_What the task asks_:
The result should be all the records, exact and complete, without a single picture.

_Supplied entries_:
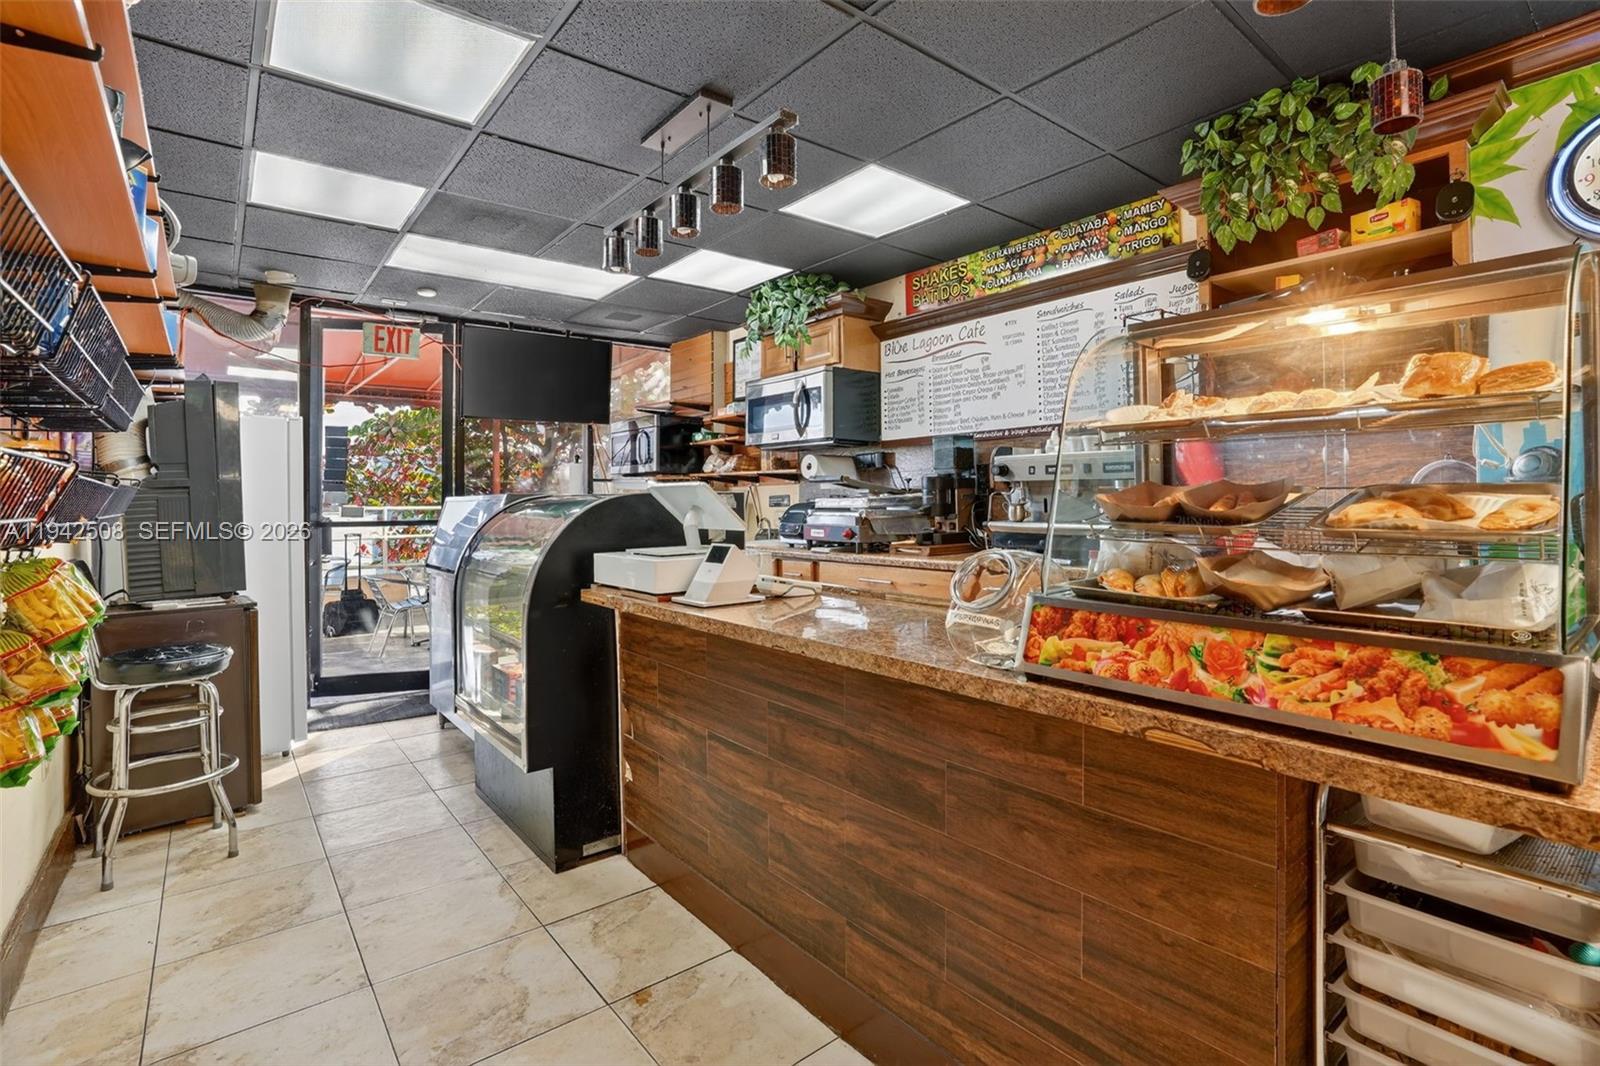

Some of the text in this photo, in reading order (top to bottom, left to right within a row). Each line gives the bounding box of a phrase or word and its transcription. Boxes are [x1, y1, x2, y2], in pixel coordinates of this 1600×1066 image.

[1585, 172, 1596, 187] 9
[1123, 198, 1165, 220] MAMEY
[1060, 216, 1110, 239] GUAYABA
[1123, 215, 1168, 237] MANGO
[984, 235, 1049, 263] STRAWBERRY
[1061, 235, 1100, 254] PAPAYA
[1125, 234, 1161, 252] TRIGO
[1062, 250, 1106, 270] BANANA
[911, 261, 969, 291] SHAKES
[1114, 285, 1145, 301] Salads
[1036, 301, 1085, 319] Sandwiches
[373, 325, 414, 355] EXIT
[911, 331, 954, 353] Lagoon
[958, 320, 986, 341] Cafe
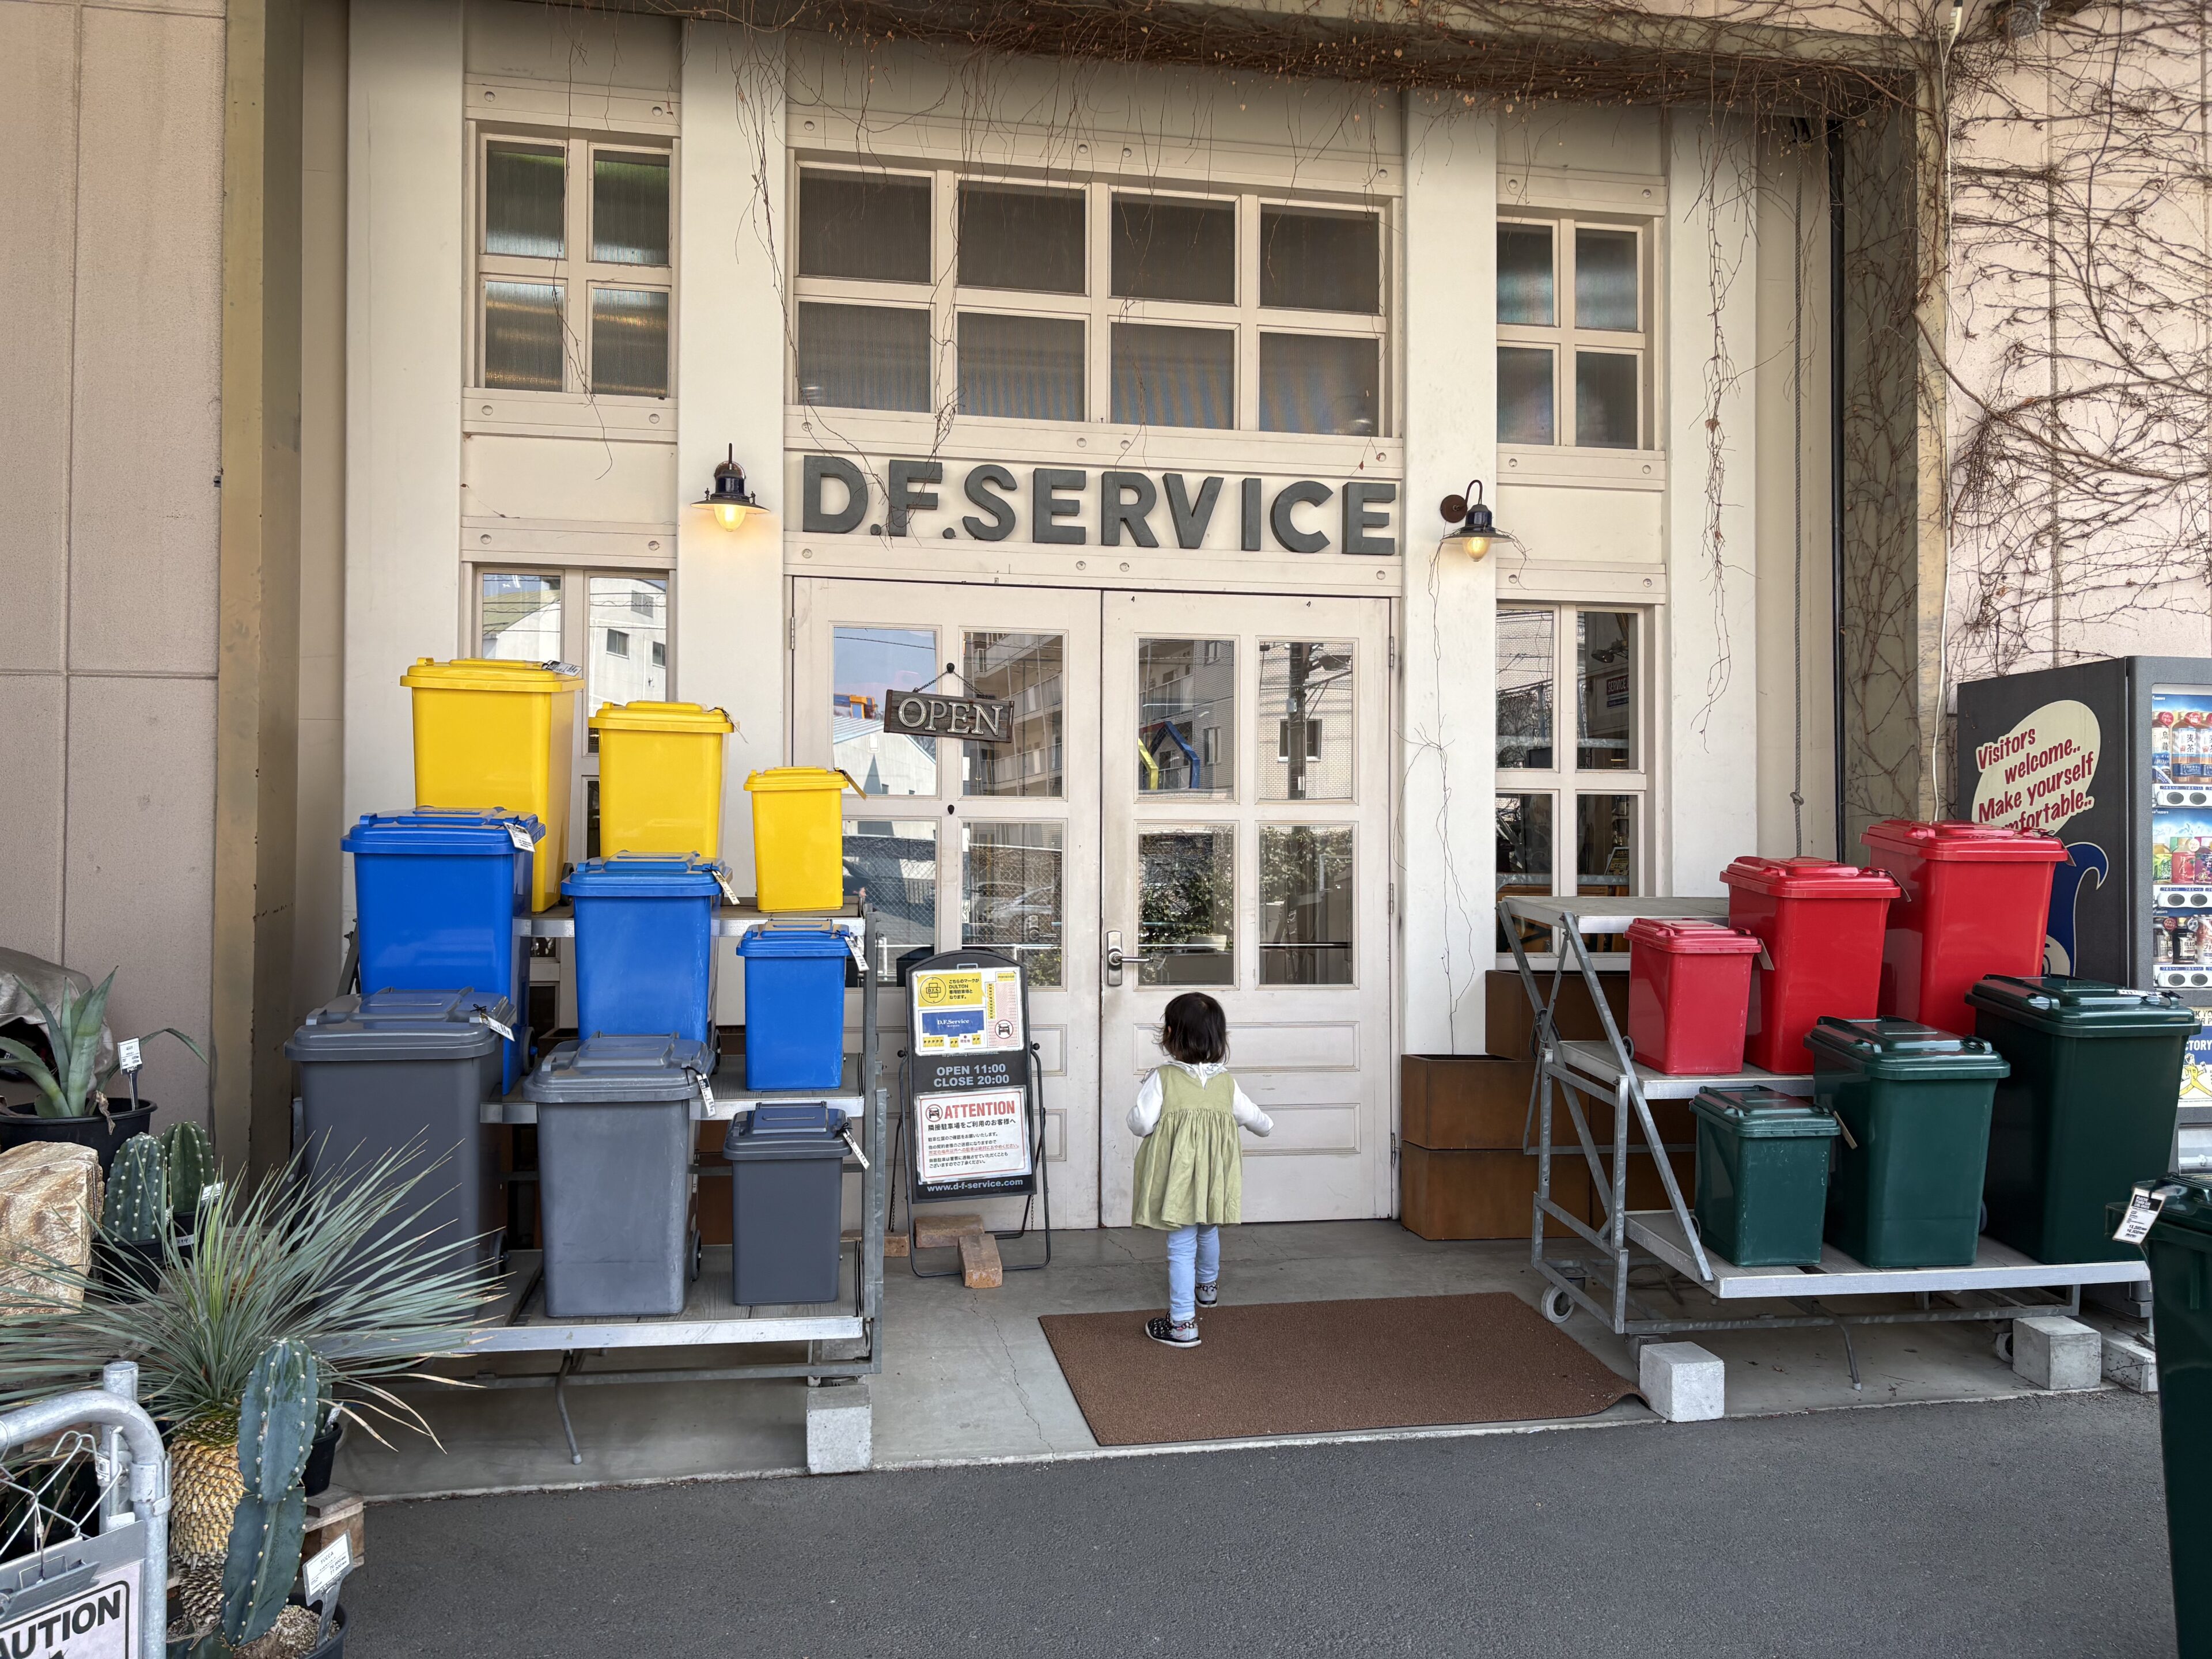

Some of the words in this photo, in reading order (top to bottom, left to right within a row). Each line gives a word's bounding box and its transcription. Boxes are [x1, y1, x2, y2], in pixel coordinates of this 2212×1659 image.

[802, 454, 1396, 555] D.F.SERVICE
[897, 696, 1003, 736] OPEN
[1978, 728, 2036, 770] Visitors
[2187, 734, 2194, 752] 麦茶
[2005, 738, 2081, 785] welcome..
[1978, 791, 2022, 823] Make
[2027, 751, 2094, 806] yourself
[2002, 789, 2092, 830] mfortable..
[934, 1076, 974, 1088] CLOSE
[977, 1074, 1009, 1085] 20:00
[937, 1066, 970, 1076] OPEN
[974, 1063, 1006, 1074] 11:00
[944, 1100, 1015, 1119] ATTENTION
[928, 1118, 1016, 1132] 隣接駐車場をご利用のお客様へ
[927, 1179, 1023, 1192] www.d-f-service.com
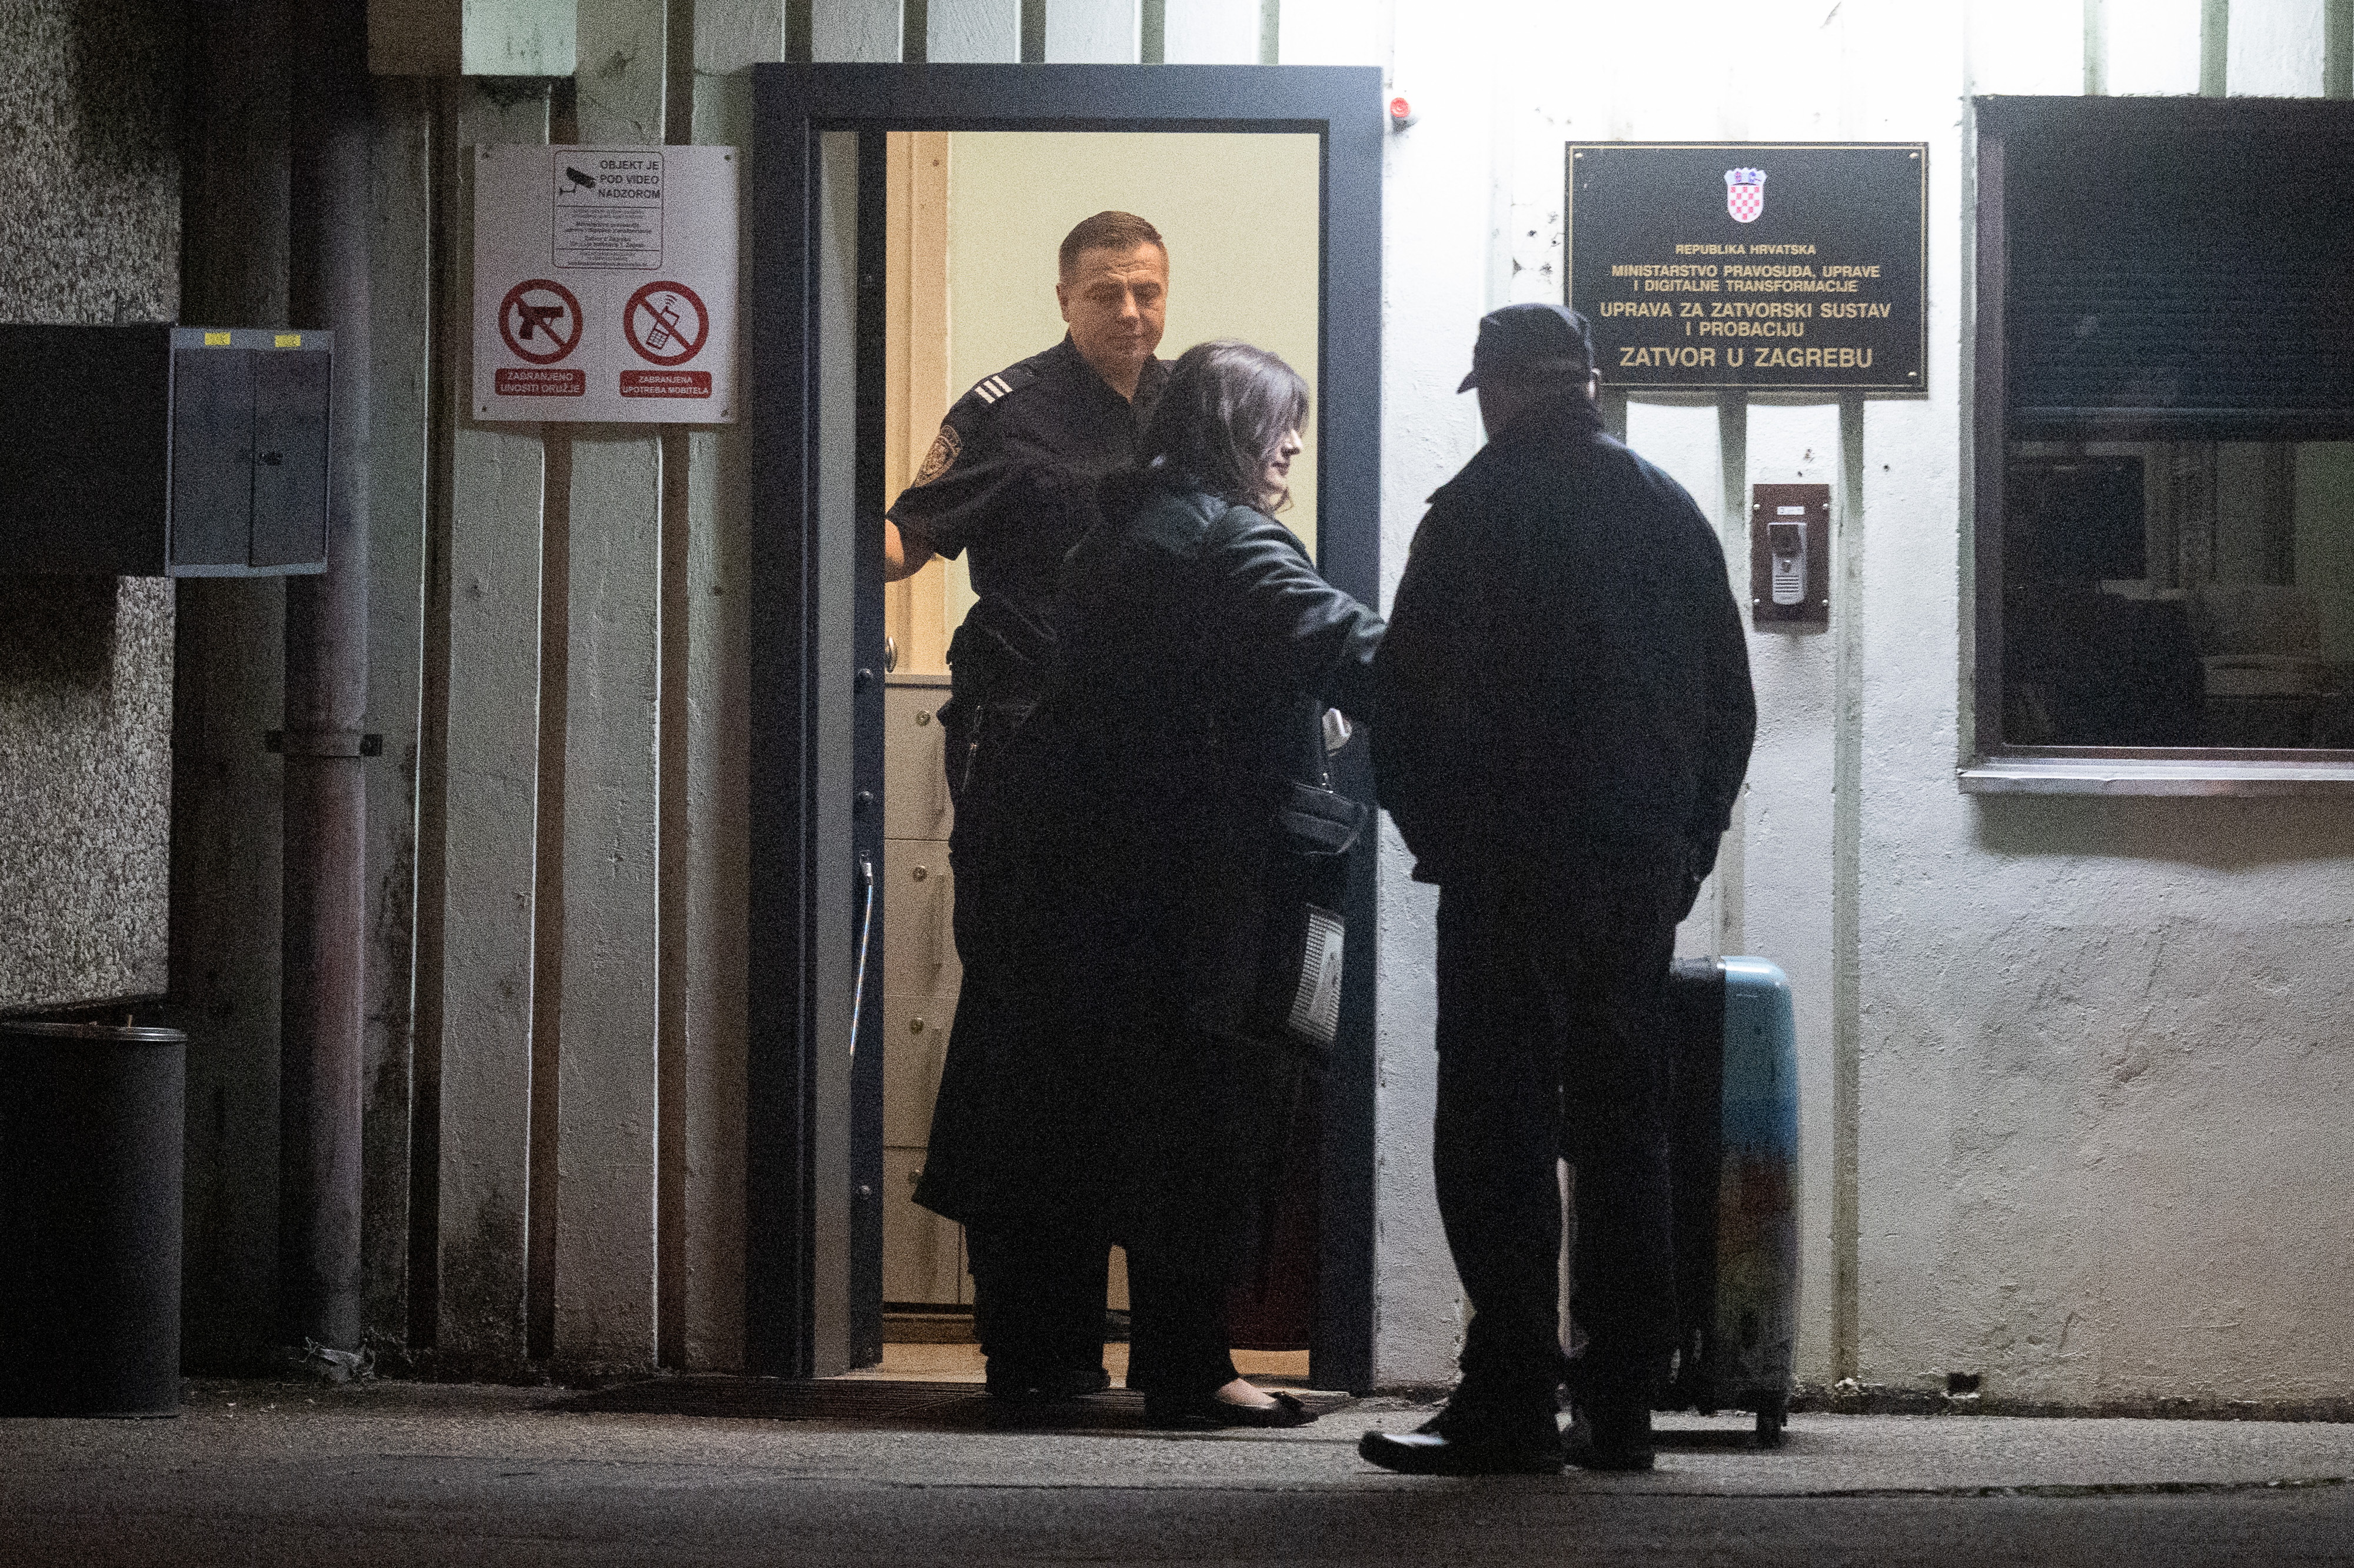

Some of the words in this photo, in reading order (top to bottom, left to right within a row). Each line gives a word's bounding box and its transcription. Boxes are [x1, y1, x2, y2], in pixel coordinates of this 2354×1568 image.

_Response area_:
Some of the text in this photo, in reading order (top to bottom, left to right within a row). Each line gives the bounding box of a phrase or word and its transcription. Boxes are [x1, y1, x2, y2], in pixel coordinates of this 1600×1066 image.

[1585, 172, 1596, 187] 9
[1123, 198, 1165, 220] MAMEY
[1060, 216, 1110, 239] GUAYABA
[1123, 215, 1168, 237] MANGO
[984, 235, 1049, 263] STRAWBERRY
[1061, 235, 1100, 254] PAPAYA
[1125, 234, 1161, 252] TRIGO
[1062, 250, 1106, 270] BANANA
[911, 261, 969, 291] SHAKES
[1114, 285, 1145, 301] Salads
[1036, 301, 1085, 319] Sandwiches
[373, 325, 414, 355] EXIT
[911, 331, 954, 353] Lagoon
[958, 320, 986, 341] Cafe

Some of the words in this photo, in reading order (top to bottom, left to right within a row). Each line gives a word's bounding box and its transcription. Boxes are [x1, y1, x2, y2], in pixel coordinates of this 2212×1659 image.

[802, 454, 1396, 555] D.F.SERVICE
[897, 696, 1003, 736] OPEN
[1978, 728, 2036, 770] Visitors
[2187, 734, 2194, 752] 麦茶
[2005, 738, 2081, 785] welcome..
[1978, 791, 2022, 823] Make
[2027, 751, 2094, 806] yourself
[2002, 789, 2092, 830] mfortable..
[934, 1076, 974, 1088] CLOSE
[977, 1074, 1009, 1085] 20:00
[937, 1066, 970, 1076] OPEN
[974, 1063, 1006, 1074] 11:00
[944, 1100, 1015, 1119] ATTENTION
[928, 1118, 1016, 1132] 隣接駐車場をご利用のお客様へ
[927, 1179, 1023, 1192] www.d-f-service.com

Some of the words in this photo, in reading order (top to bottom, left to right within a row). Each line gives a word's bounding box and its transcription. Boxes are [x1, y1, x2, y2], in pixel coordinates of this 2354×1568 image.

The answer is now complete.